How DoorDash Built an Ensemble Learning Model for Time Series Forecasting

June 20, 2023 17 Minute Read Machine Learning 22

Qiyun Pan

Qiyun Pan is a Machine Learning Engineer at DoorDash, since April 2021, on the forecasting team where she primarily focuses on Demand Forecasting. Qiyun has a PhD Degree in Industrial and Operations Research from the University of Michigan, Ann Arbor.

Hanyu Yang

Hanyu Yang is a Software Engineer at DoorDash, since July 2022, on the Machine Learning Platform team, focusing on Forecast Platform. Hanyu has a Bachelor’s Degree in Computer Science from Zhejiang University and a Master of Science in Information Technology-Mobility from Carnegie Mellon University.

Limits on forecasting with an individual model pipeline

In recent years, forecasting models have advanced from traditional time series frameworks to increasingly complex deep learning architectures in order to capture the volatile dynamics of real-world scenarios.
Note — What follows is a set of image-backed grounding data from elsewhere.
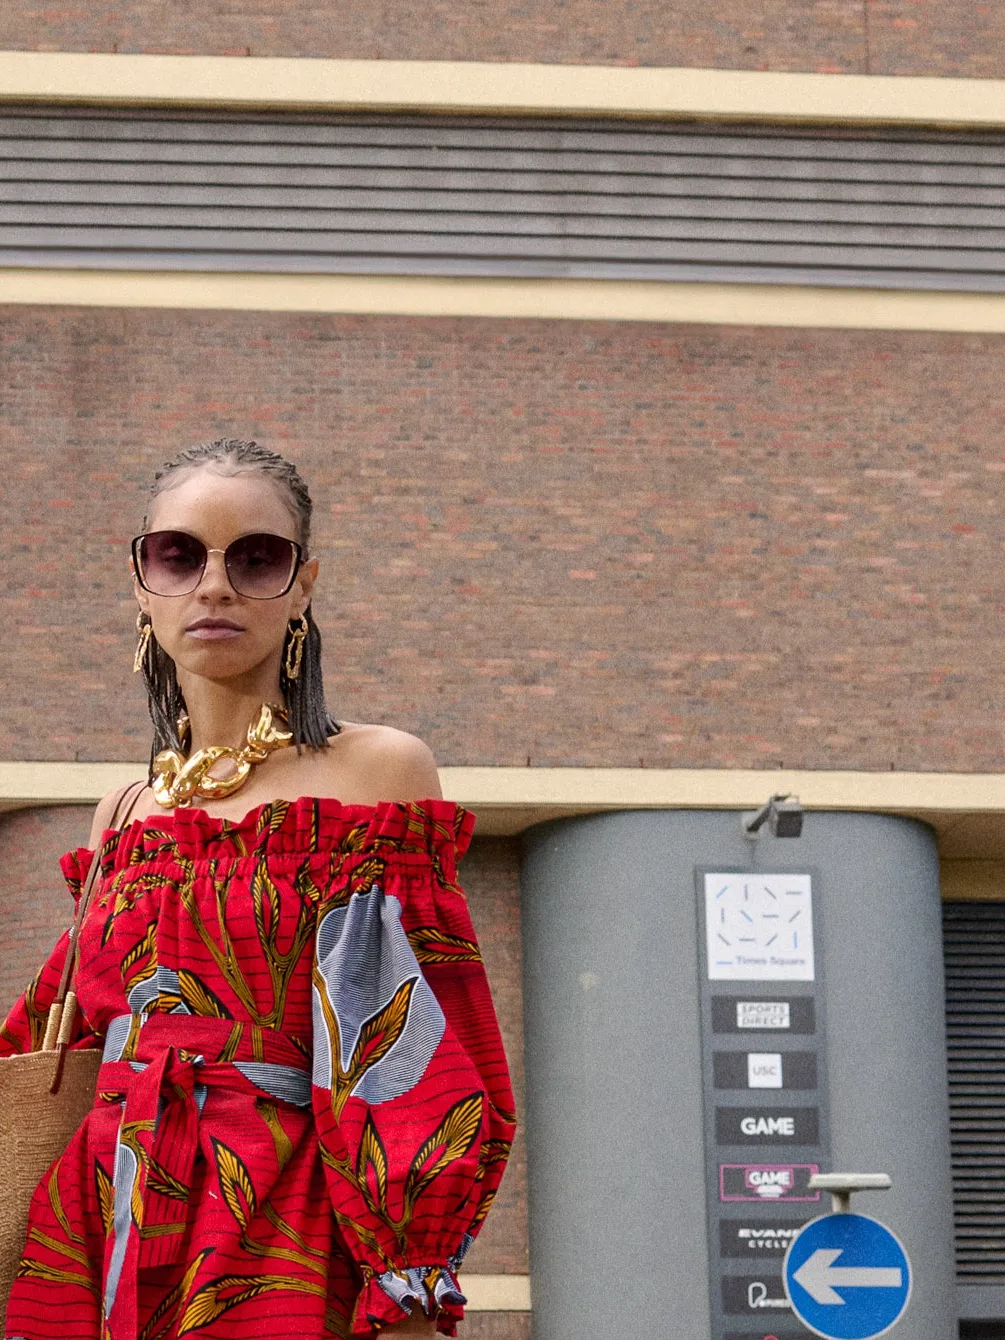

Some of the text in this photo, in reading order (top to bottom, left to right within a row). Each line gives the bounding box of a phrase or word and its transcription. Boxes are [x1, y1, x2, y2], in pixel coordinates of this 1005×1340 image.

[742, 1004, 785, 1013] SPORTS
[742, 1016, 785, 1025] DIRECT
[752, 1066, 777, 1076] USC
[740, 1117, 795, 1135] GAME
[748, 1171, 790, 1186] GAME
[748, 1240, 788, 1249] CYCLE
However, subjectively picking a single model to make accurate forecasts for every target is unrealistic. Therefore, in many industrial practices, a forecasting toolbox applies a selection framework to explore a wide range of models and configurations, carefully evaluating each model's performance on each target before generating final forecasts from the best performer. The configuration space includes not only model parameters, but also options for processing data such as data cleaning, transforming, and outlier handling as well as causal factors, including holidays, weather, or promotions. At DoorDash, we’ve built a forecast factory to enable these functionalities.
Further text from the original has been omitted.